Meantime, retired Master Hand-craftsman, technical area.

A very satisfying life for me.
When I was an industrial mechanic/millwright (Goodyear Tire & Rubber Co-huge plant) I worked with a fellow mechanic who had a Masters in math and there were others like that who preferred hands on, hourly work that also required problem solving, layout,etc., but in what I'll call a more open setting-if "working for the man" is free?
I was 30 when I took my last shot at what ended up being my last career in tech education. We now live on our teacher retirement checks.
Job story: There was a time when I lost my job due to a facility closing and only a few years into that last career.

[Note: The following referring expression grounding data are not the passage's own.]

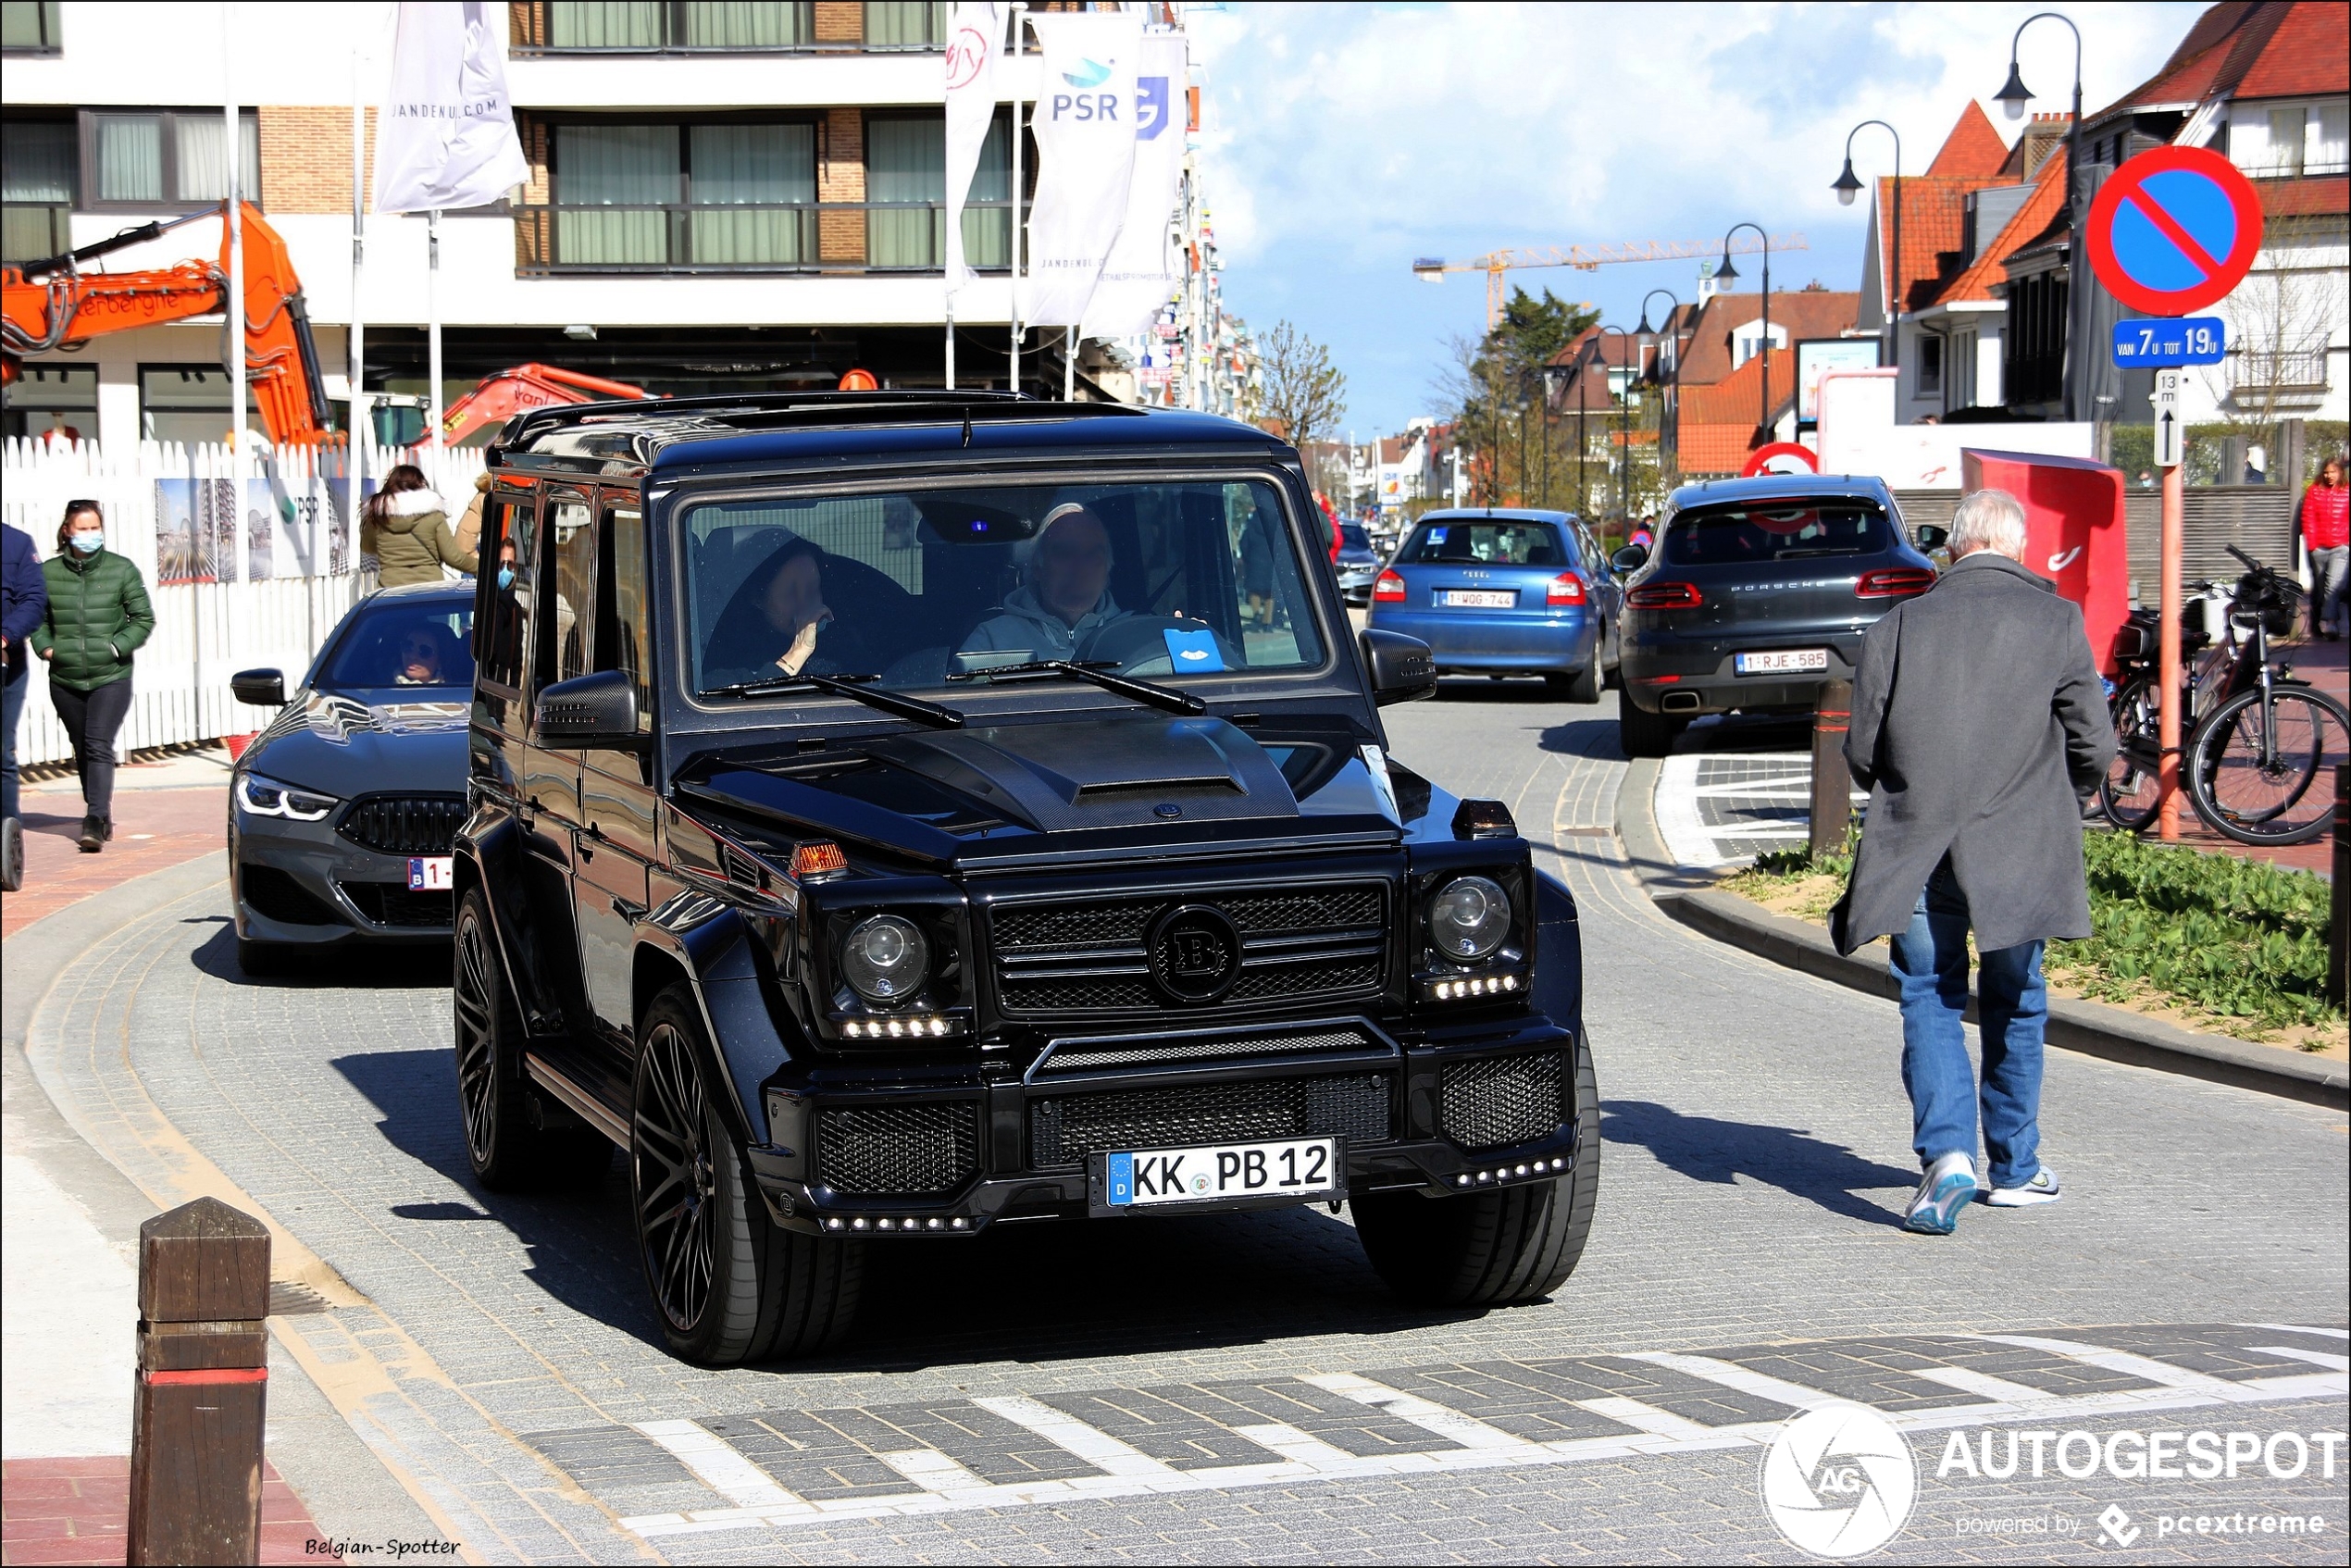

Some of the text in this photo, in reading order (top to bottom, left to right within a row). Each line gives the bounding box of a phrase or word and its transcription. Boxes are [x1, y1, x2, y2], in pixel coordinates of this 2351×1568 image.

[1051, 93, 1118, 121] PSR
[2117, 343, 2133, 356] VAN
[2163, 342, 2181, 355] TOT
[2161, 376, 2176, 389] 13
[2161, 392, 2174, 402] m
[297, 496, 320, 525] PSR
[1430, 529, 1443, 540] L
[1731, 581, 1825, 591] PORSCHE
[413, 874, 422, 885] B
[1116, 1145, 1327, 1197] D KK PB 12

We had three babies under 3 years old and I got a job offer to be the counselor at a Federal Job Corps Center in the Bitteroot Mtns. of Montana. The offer came in the winter while we were living in a rented farmhouse out on a remote ridge in the county where we still live.
We were getting to our car via a snow sled pulled nearly a mile out to where our 1976 Toyota Corolla was parked. I had to pass on the job of my dreams in the Rockies. Life events are not timed well sometimes.
I did FT woodworking while layed off and sold it out at craftshows. At that very time I was entertaining becoming a FT chairmaker but after my return to school and birth of our twins I lacked the guts to try becoming one of those "starving artists".
To put some perspective on skilled trade wages, I just used google inflation adjustment to see how my last yearly earnings translate to in todays economy-it amounts to $175,000 per year MORE! than my last education job payed in which I was a public HS principal.
I'll tell you that I did enjoy sleeping with my wife and going home to my family which would have taken many years if I'd stayed in seniority based shift work.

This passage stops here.